How to Use Point & Figure Charts

Point and Figure (PF) charts are a way to visualize price movements and trends in an asset without regard to the amount of time that passes. The columns of X’s represent rising prices.  Columns of O’s represent falling prices.   This method has been used for more than 130 years and is an excellent tool to objectively view markets and stocks.

The 30 – minute SPX 500 – PF chart courtesy of Trading View illustrates action from October 2022.

The SPX 500 – Trading View symbol is SPX 500, is an index on Trading View that’s similar to a continuous S&P 500 – futures chart with prices similar to the S&P 500 (SPX) . This is a good index to use with PF because it illustrates potential support/resistance areas outside of the SPX trading session.   

Illustrated on the chart are five areas noted 1 through 5 where PF analysis could be used.

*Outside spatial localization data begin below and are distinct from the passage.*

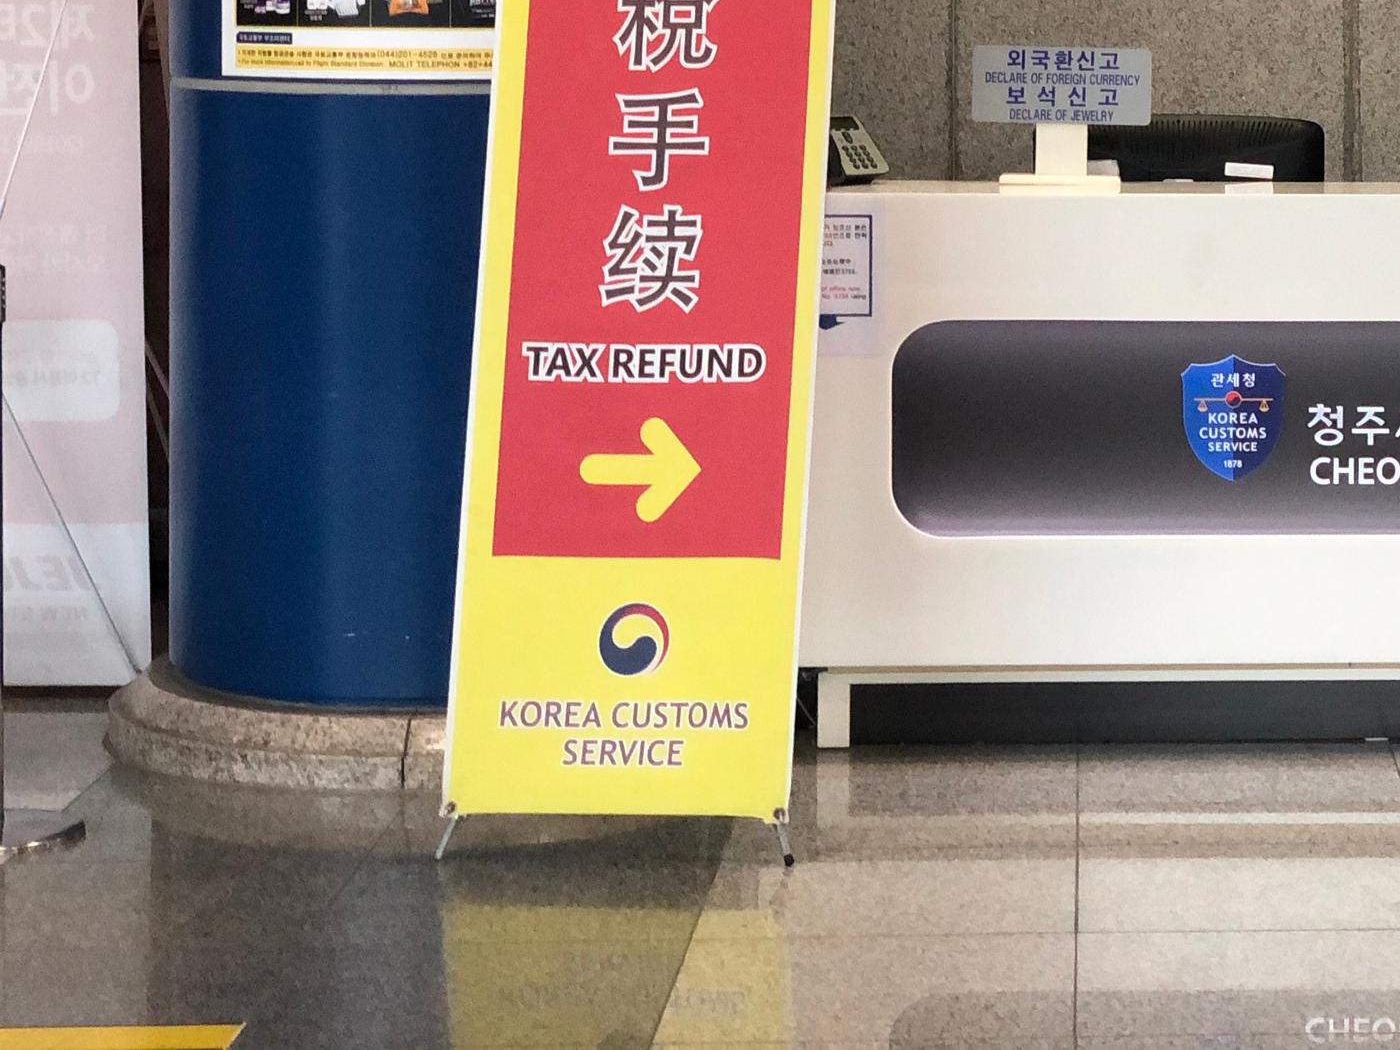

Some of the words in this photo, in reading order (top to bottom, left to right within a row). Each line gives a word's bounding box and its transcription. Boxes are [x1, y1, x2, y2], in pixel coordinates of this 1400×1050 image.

[1007, 50, 1120, 71] 외국환신고
[985, 72, 1027, 84] DECLARE
[1031, 73, 1043, 84] OF
[1046, 72, 1086, 85] FOREIGN
[1090, 74, 1140, 86] CURRENCY
[1009, 109, 1052, 121] DECLARE
[1055, 110, 1068, 121] OF
[1071, 110, 1114, 122] JEWELRY
[521, 342, 604, 383] TAX
[609, 342, 767, 383] REFUND
[1211, 373, 1256, 388] 관세청
[1208, 413, 1258, 424] KOREA
[1199, 427, 1267, 439] CUSTOMS
[1208, 442, 1258, 452] SERVICE
[1224, 460, 1242, 468] 1878
[499, 700, 602, 728] KOREA
[611, 702, 749, 729] CUSTOMS
[563, 739, 684, 767] SERVICE

Support/resistance zones develop in price clusters.  The wideness of the cluster is usually related to the strength of the support/resistance.

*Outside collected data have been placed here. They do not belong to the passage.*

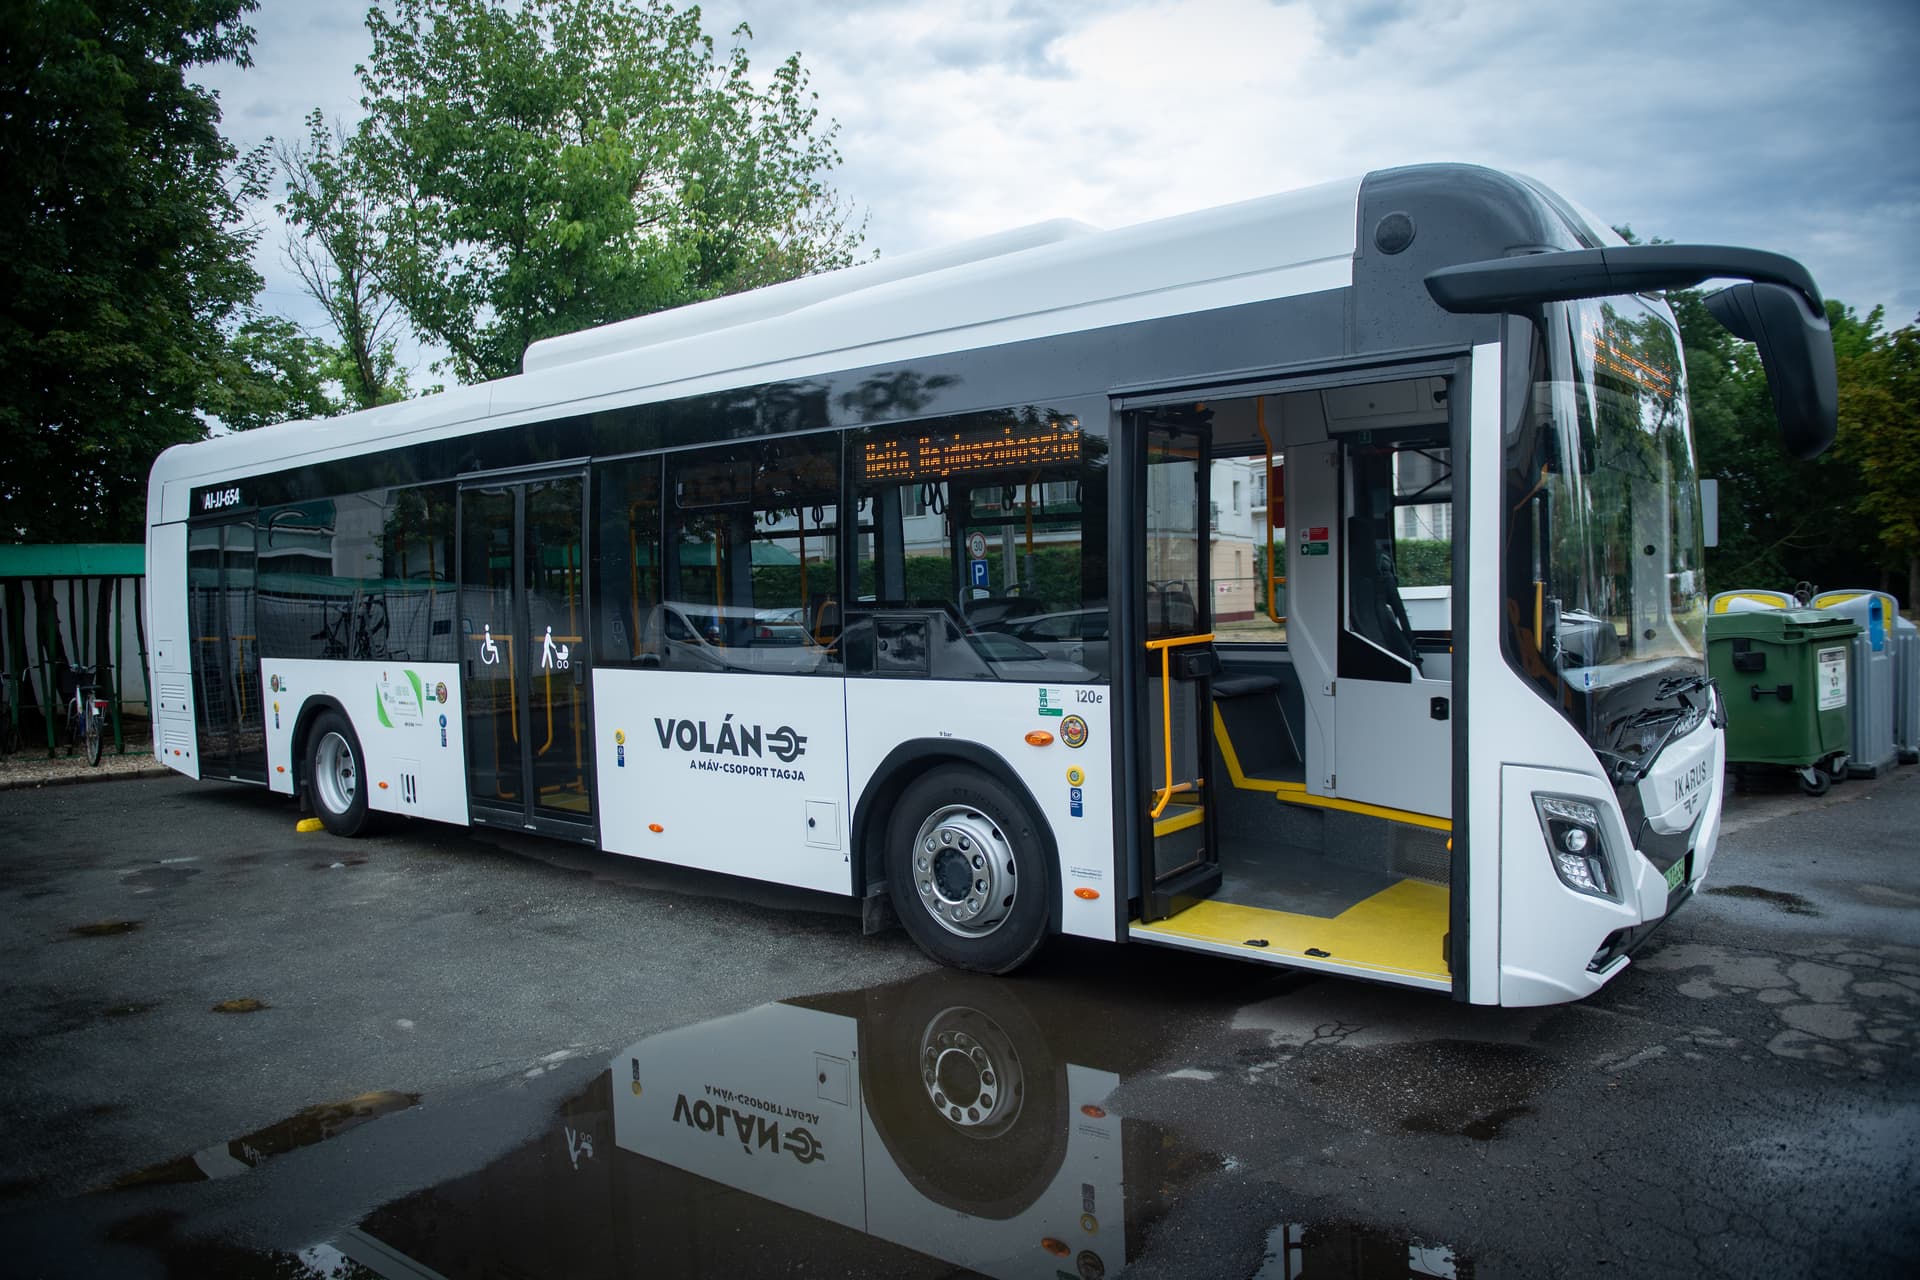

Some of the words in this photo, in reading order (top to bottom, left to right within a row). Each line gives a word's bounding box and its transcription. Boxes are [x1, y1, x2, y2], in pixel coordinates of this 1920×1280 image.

[204, 487, 240, 510] AI-JJ-654
[974, 541, 983, 552] 30
[975, 564, 984, 585] P
[1075, 689, 1103, 704] 120e
[654, 713, 762, 758] VOLÁN
[690, 760, 697, 770] A
[698, 758, 769, 778] MÁV-CSOPORT
[770, 767, 806, 782] TAGJA
[1674, 761, 1707, 802] IKARUS

Note that in example “1” the decline bottomed out at the lower part of the price cluster.

Example “2” shows the use of trendlines.  A break below the rising trendline could have signaled the start of a downtrend.   The break in this case was to the upside.  The length of a trendline is related to the strength of the breakout.  The longer the trendline, the more powerful the breakout. The subsequent breakout in this example was very dynamic.

Example “3” illustrates a double bottom.  Sometime  there could be a considerable amount of upside action before a double bottom is broken.  The initial break of a double bottom/top may not be dynamic; however, it does alert the analyst of additional action in the direction of the break.

Example “4” shows another instance of a break above a declining trendline. Note that the declining trendline in example “4” is shorter than the declining trendline in example “2”.  The initial move above the example “4” trendline was less dynamic than the example “2” upside break.

Example “5” shows a potential double bottom forming.   Immediate upside action is needed to confirm the double bottom. If there’s an immediate move down it would be a break below a single bottom. 

There’s also another declining trendline from the most recent peak.  Breaking the declining trendline implies a move above the recent peak.

This is a brief outline of  Point & Figure analysis, there are severable books on the subject that give more information.  Recommended reading: “Trading the Markets  the Point & Figure Way” by Prashant Shah.


Published by Mark Rivest

Independent investment advisor, trader, and writer. Articles have appeared on Technical Analysis of Stocks and Commodities , Advantage,, and Finance Magnates.

4 thoughts on “How to Use Point & Figure Charts

  1. a question from a novice, the golden cross implies a reverse of downtrend to uptrend, and here the point and figure douple bottom implies up move then downtrend, so they give reverse signals so what the stronger signal of both to follow.


    1. Hi Mohamed
      The Golden Cross on the SPX does not happen very often. Since 1998 its averaged about 1 signal every to years. That is a significant signal. As for double bottoms on PF charts it could be a considerable amount of time before they are broken and it’s possible they may not ever be broken. Double bottoms are simply an area to watch if after a rally there’s another decline. If the bottoms are broken there’s a high probaility for more downside action.


  2. can i know your thoughts on dollar currency (dxy), do you think it will continue to be bullish,or its just a pullback and the downtrend will continue.